Organizing for Popular Rule: State and Local Governments and the Future of the Democratic Experiment|
Spring 2007 not offered
|Course Cluster: Urban Studies|
No matter where you live, you are subject to some form of public authority. In the United States, this includes a complex system of state and local governments--states, county, municipality, township, school district, and a host of others, including some with exotic and unfamiliar names such as gores and surpluses. Although at times overshadowed by the national government, state and local governments remain crucial actors in the nation's system of governance, raising and spending billions of dollars annually, and being responsible for such key functions as education, law enforcement, public health, and zoning. This course is about these governments--what they are, how they are organized, what they do and how well they do it, and their place in a federal system that some insist is no longer truly federal. It is also a course about democracy and the ways state and local governments have given concrete expression to the ambitious but often ambiguous promises of this political philosophy. Democratic theory is not a comprehensive, detailed blueprint for action. It requires choices, and in the United States these choices have been influenced by a persistent concern about the political competence of ordinary citizens. This concern has been reflected over the years in the efforts by institutional engineers to distance policy making from politics and to replace parties and elections with professionalism. The result has been a wonderfully complex and often baffling system of state and local government that while at times seemingly nonsensical, in fact, makes a great deal of sense.
||Gen Ed Area Dept:
|Course Format: Lecture||Grading Mode: Graded|
||Fulfills a Major Requirement for: (GOVT)(GOVT-American)

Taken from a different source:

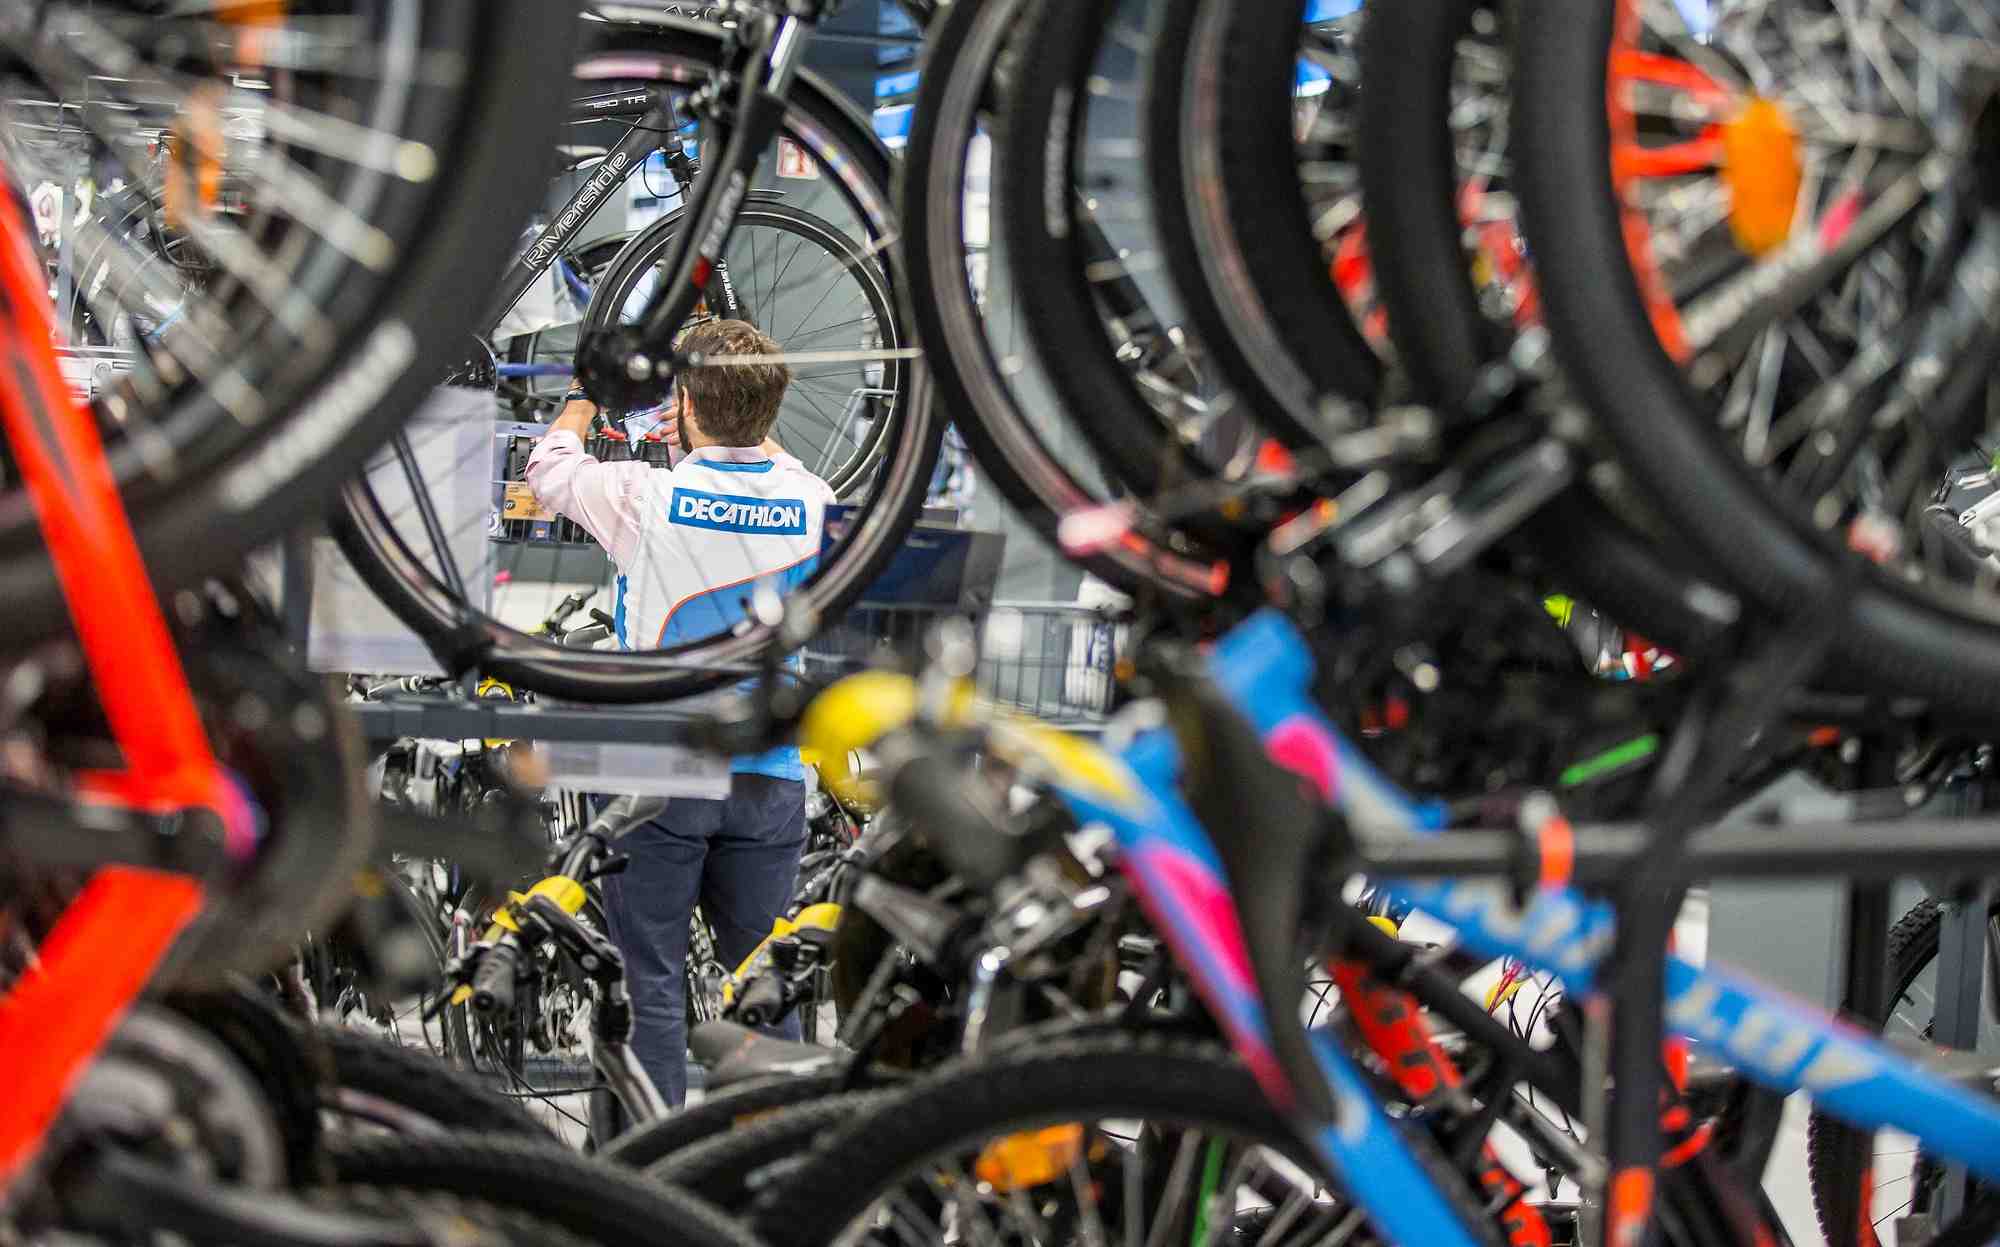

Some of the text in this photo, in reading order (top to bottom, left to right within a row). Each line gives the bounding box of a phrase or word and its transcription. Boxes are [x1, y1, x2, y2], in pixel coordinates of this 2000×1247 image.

[624, 94, 648, 105] TR
[521, 151, 631, 271] Riverside
[678, 496, 801, 528] DECATHLON

The major readings will be from Grumm and Murphy, GOVERNING STATES AND COMMUNITIES: ORGANIZING FOR POPULAR RULE. This book will be supplemented by readings from primary sources, including state constitutions and city charters, as well as secondary sources on political parties and electoral systems, chief executives, legislatures and courts, the policy process and policy assessment.
|Examinations and Assignments: |
Quizzes and essays
|Additional Requirements and/or Comments: |
GOVT151 is strongly recommended, but not required, as are courses in American History and Economics.